Wednesday, March 14, 2018
You are receiving feedback from unknown individuals, indicating that this material has been helpful to them over many years, unsuspected by you.
You mean the woman who wrote that she discovered my blog years ago.
Yes. For you and for everyone, the situation is the same: You never know the full effect of what you do; neither do you necessarily know what is your “real” work and what is “just filling the time.” The kindness you extend to a stranger – possibly only a passing smile – may be used on behalf of that person at a critical time, you can’t know. The slightest thing you do, for well or for ill, may have a great effect on another, and then who can estimate the effects of the changed other, or those changed by those who have been changed? Your opportunities to do good or evil are constant, extensive, and their effects usually veiled from your conscious 3D awareness.

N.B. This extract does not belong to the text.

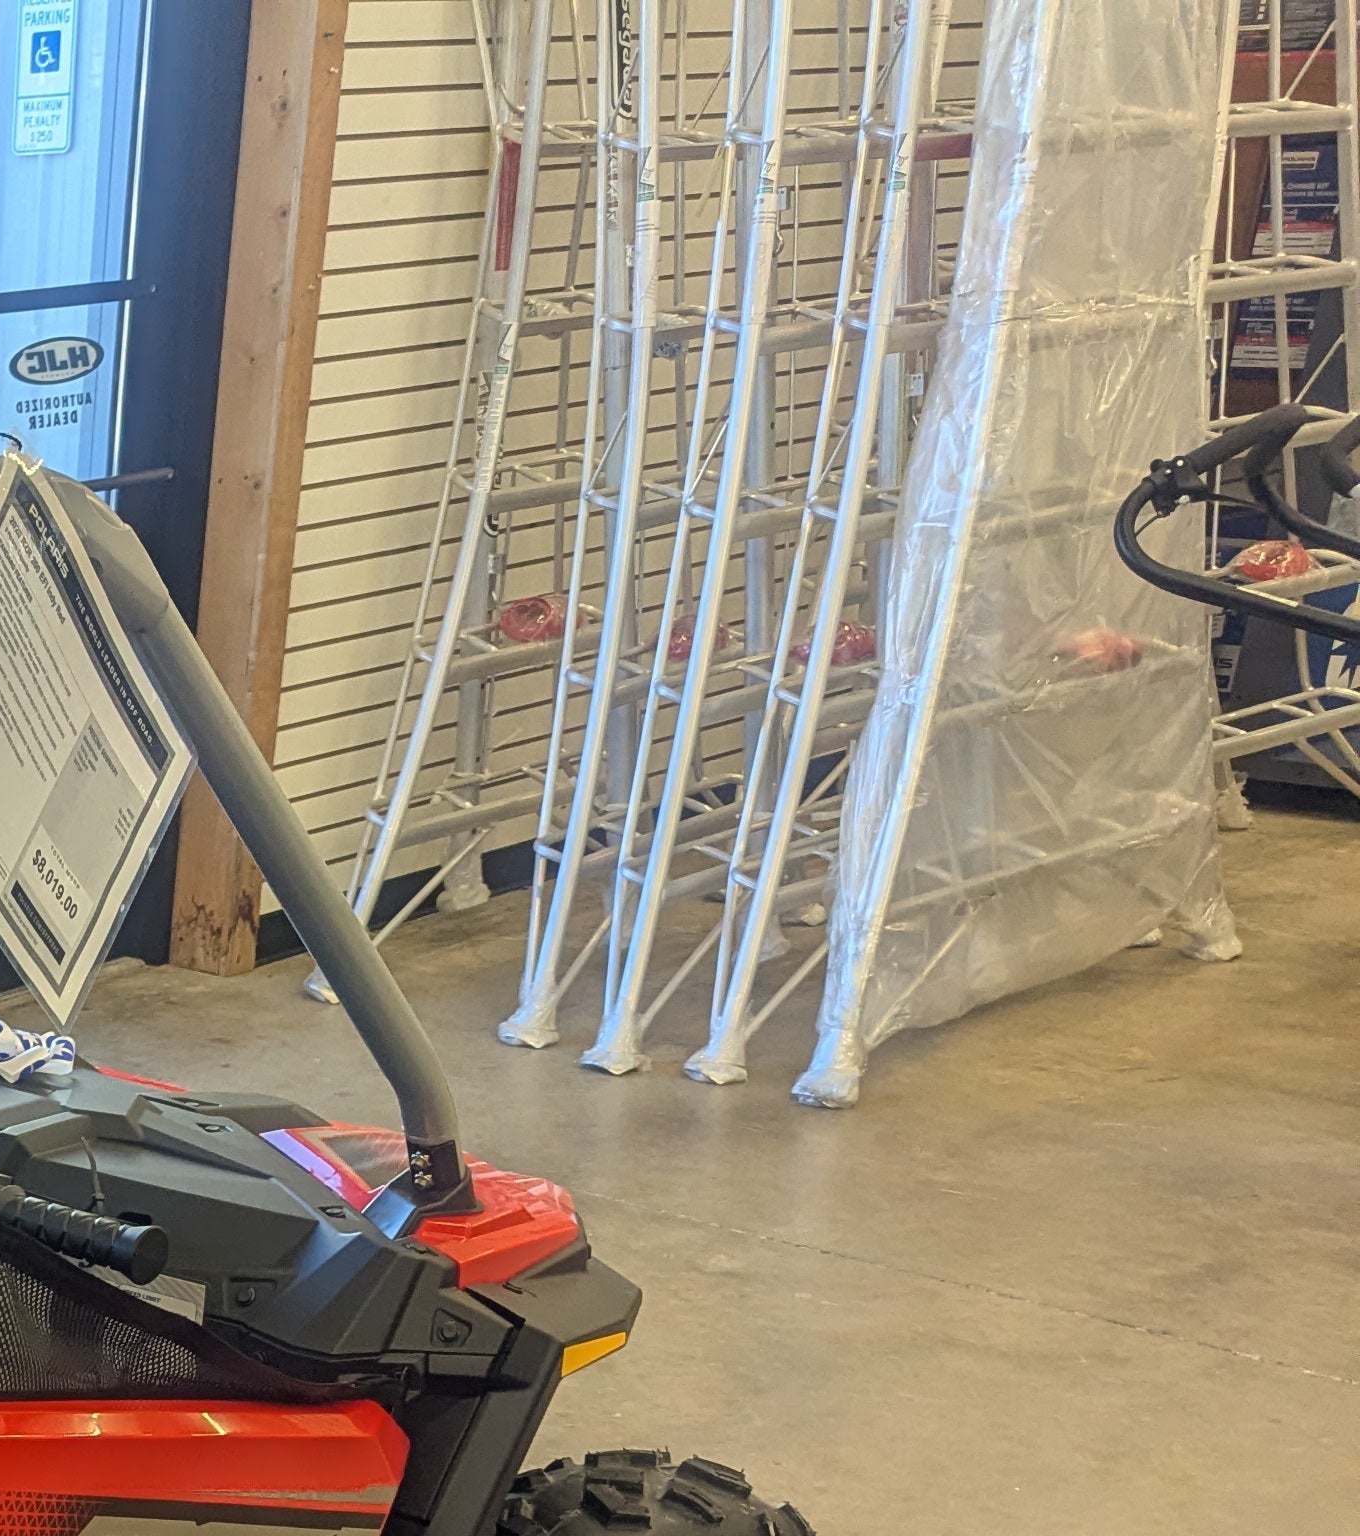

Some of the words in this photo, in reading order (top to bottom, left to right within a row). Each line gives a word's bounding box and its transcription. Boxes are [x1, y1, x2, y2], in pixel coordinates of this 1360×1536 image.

Again, this is said for all to hear! There is no alibi in saying, “I am only an unimportant person who cannot change the world.” Of course you change the world! Your presence changes the world. Even if you sat in a corner all day, you would be changing the world by what you didn’t do but might have done. This fallacy of insignificance is a major crippler of potential, the “what’s-the-use” factor.
In your day to day lives, do you want to spread disappointment or hope and confidence? Give them your case history.
Yes, I was just thinking about that, big surprise.
In late 2005, I left active participation in Hampton Roads Publishing Company and thought I was going to write a book (a book) about healing and guidance. I got sidetracked, so I thought, into talking to Smallwood, then other specific entities, as opposed to “The Guys Upstairs” that I had gotten used to talking to over the previous dozen years or so. This was, I thought, entirely private, but I shared it with the Voyagers Mailing List, a Monroe-oriented list that I had indirectly helped create, which is a different example of the same point you’re making, come to think of it.
No reason not to mention that.
Okay. I was on a list in the early ’90s that centered on Castaneda, and got to talking about Bob Monroe. List owner Tony Sanders got interested in Monroe and created VML even before he himself came to do a Gateway.
Unintended consequences.
Very much unintended, though of course I was delighted. Your point, I take it, is that I touched Tony, Tony created VML and that list touched many, and of course Bob Monroe touched not only me and others who actually met him, but many thousands who did not.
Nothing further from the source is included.